Without Engagement, Online Presentation Does Not Work


The audience should participate actively in the presentation (C) Fedor Bronnikov - Carnival in Rome.

One of the reasons why the Roi4Presenter team puts so much emphasis on feedback and interaction is the considerable role played by viewer engagement in online events. According to statistics, more than 90% of presentation visitors tend to be not just spectators but take a more active part in them.

This means two things at once:

  • If the audience is not opened the door of engagement, they will likely leave the presentation disappointed.

  • Engagement provides additional opportunities to convey the main ideas, hook a potential client, and catch and warm up leads.

Engagement is a great tool to keep your attention, especially during long online events. According to statistics, most viewers get distracted as early as the tenth minute of a presentation.

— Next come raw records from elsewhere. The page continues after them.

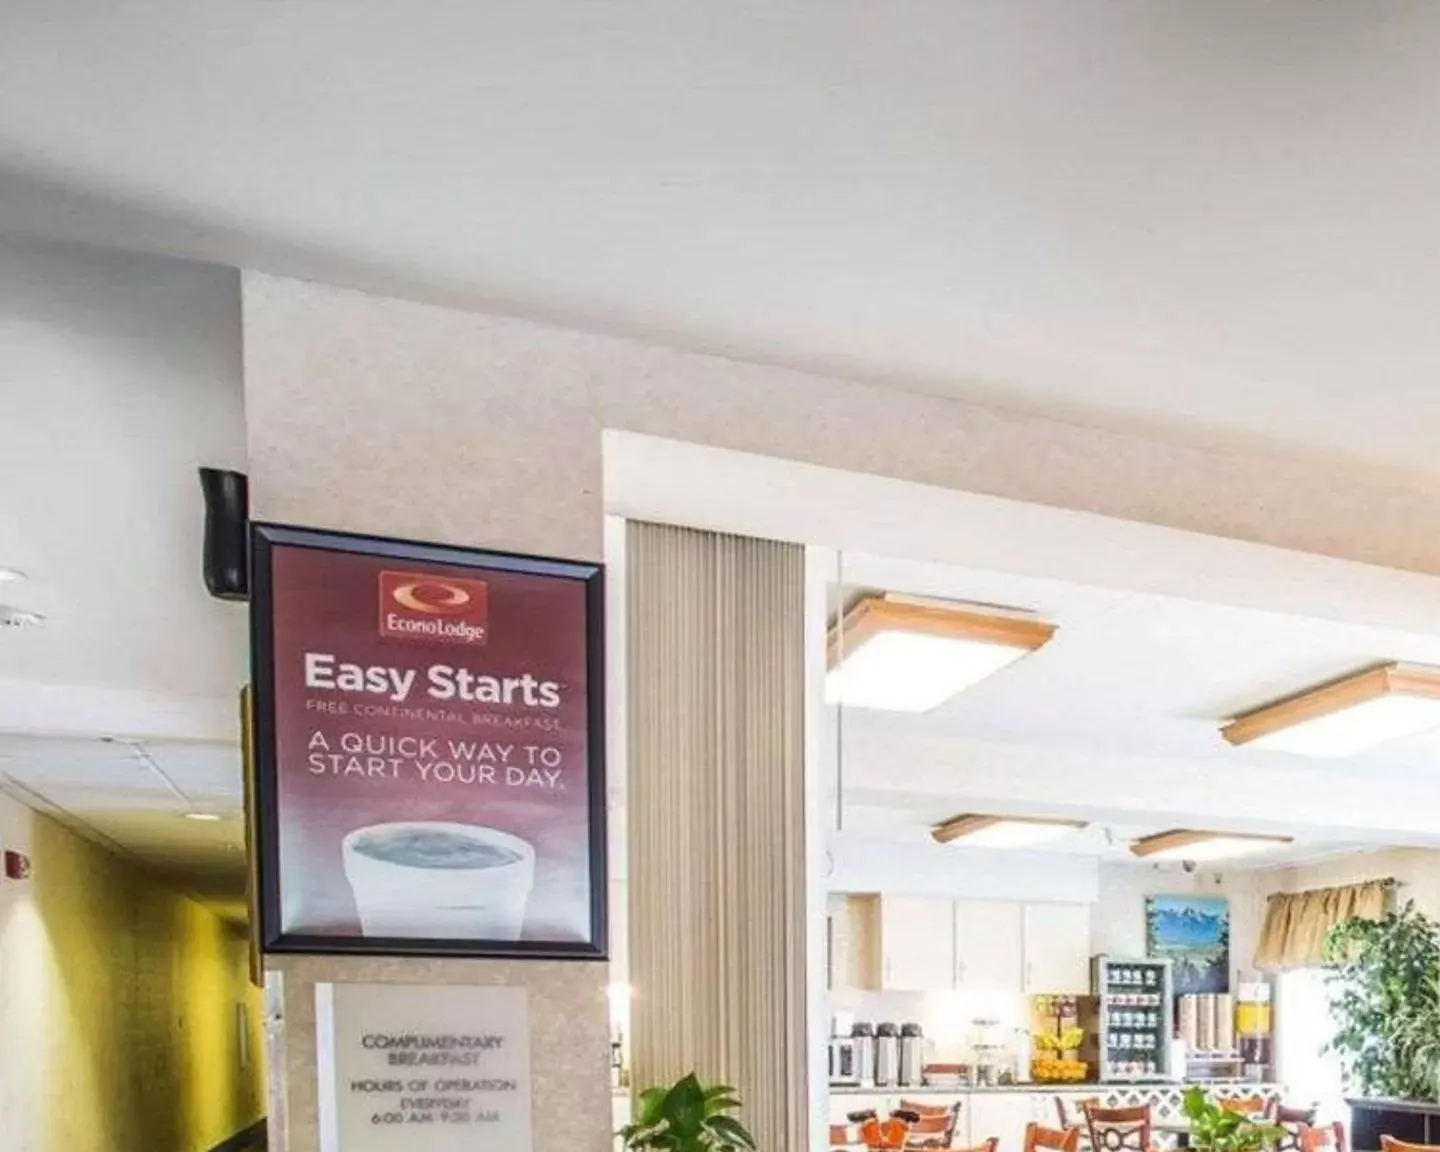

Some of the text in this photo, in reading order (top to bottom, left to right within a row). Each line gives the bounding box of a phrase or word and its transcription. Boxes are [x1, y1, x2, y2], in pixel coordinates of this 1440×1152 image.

[304, 651, 561, 708] Easy Starts
[305, 698, 348, 715] FREE
[353, 702, 467, 726] CONTINENTAL
[308, 730, 562, 768] A QUICK WAY TO
[308, 752, 567, 791] START YOUR DAY.
[388, 1052, 479, 1066] BREAKFAST
[351, 1078, 517, 1092] HOURS OF OPERATION

What are the ways to get involved? The first thing that comes to mind is a block of questions/answers. Its main drawback is that the presenter, as a rule, cannot answer all the questions of all the viewers. The feedback system Roi4Presenter removes this problem. It is organized in such a way that the recording of the presentation works around the clock in the same way as a live broadcast, allowing speakers to quickly answer any questions, giving each viewer as much time as needed.

Another popular way is a variety of blitz polls and tasks that require quick responses from the audience in a text chat. Unfortunately, they often become a real headache for the presenter, who has to spend a lot of time and effort sorting out the hodgepodge of answers in the comments. Roi4Presenter greatly simplifies this task as well. Thanks to the built-in analytical functionality, the presenter can easily see the reactions of each visitor separately.

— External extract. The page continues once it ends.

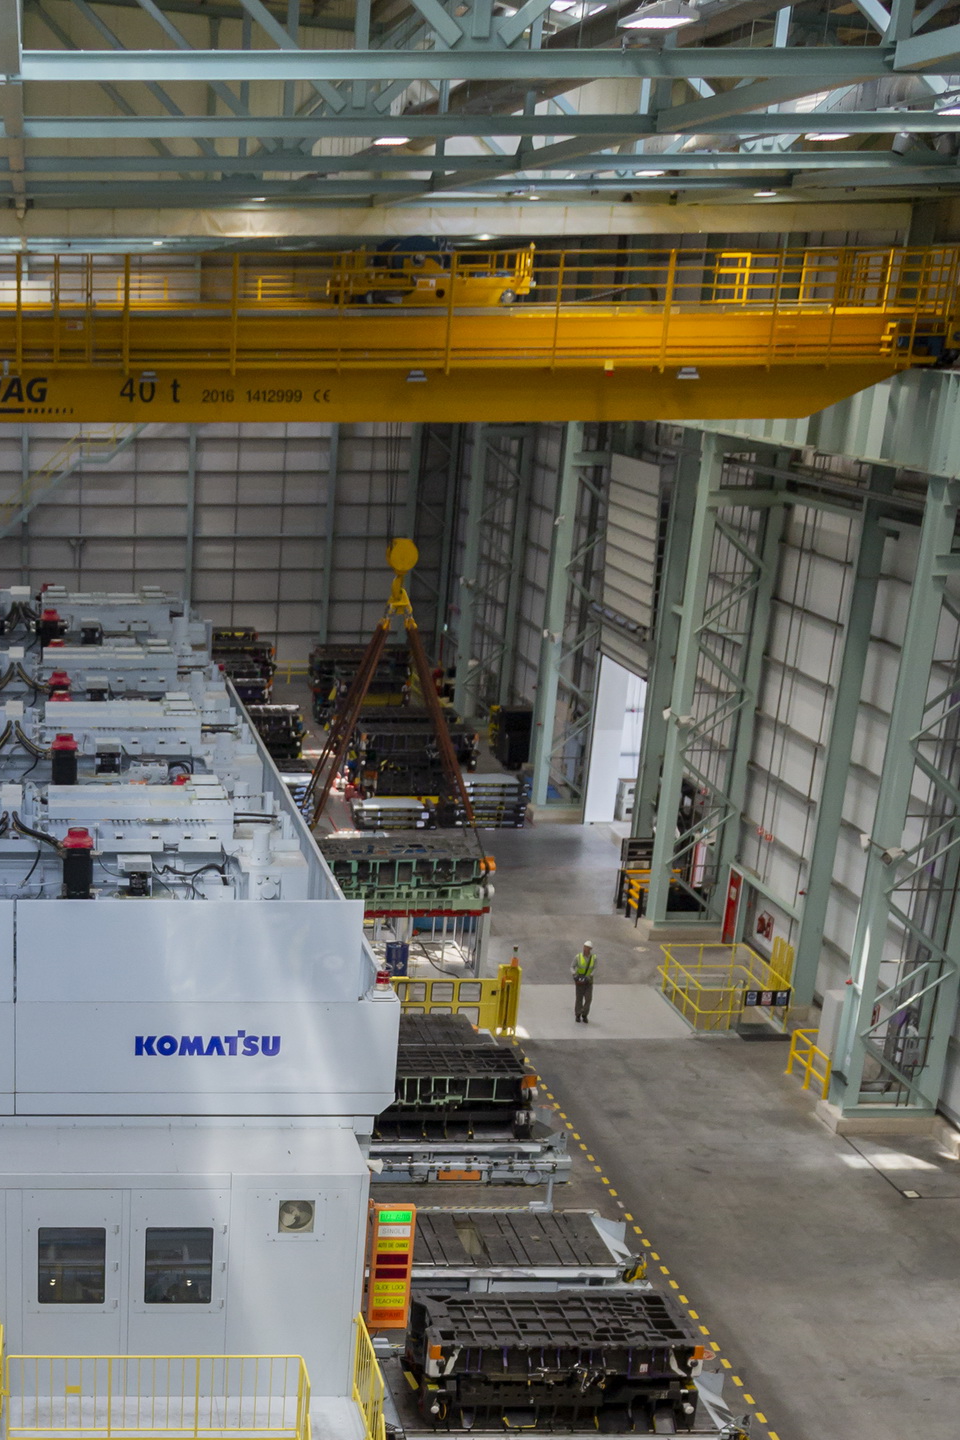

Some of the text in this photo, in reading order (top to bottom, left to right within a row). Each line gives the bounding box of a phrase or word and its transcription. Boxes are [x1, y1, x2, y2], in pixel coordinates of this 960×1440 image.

Continuing the topic, one must mention tests and contests. This is the most time-consuming method of engaging online presentation viewers. Therefore, it should be treated with caution - the game should be directly related to the topic of the presentation, and it is essential to make it manageable and simple.

Finally, we mention the way of involvement, which is not the same at first glance. Namely, the lead form. Everyone knows that the audience loves to fill it out with the enthusiasm of schoolchildren doing their homework. But it all depends on how you present it. For example, you can ask to fill it out during the presentation while embedding a test question directly into it, allowing you to win, for example, a discount. Or not a question but a field to ask to share your thoughts on improving the presented product, service or product. It is this lead form that Roi4Presenter has in its arsenal.

Ideally, the audience's involvement in the presentation should be such that the audience feels like its co-authors, convincing themselves of the need to purchase the presented goods, services, products or solutions.

Successful presentations and high incomes to all!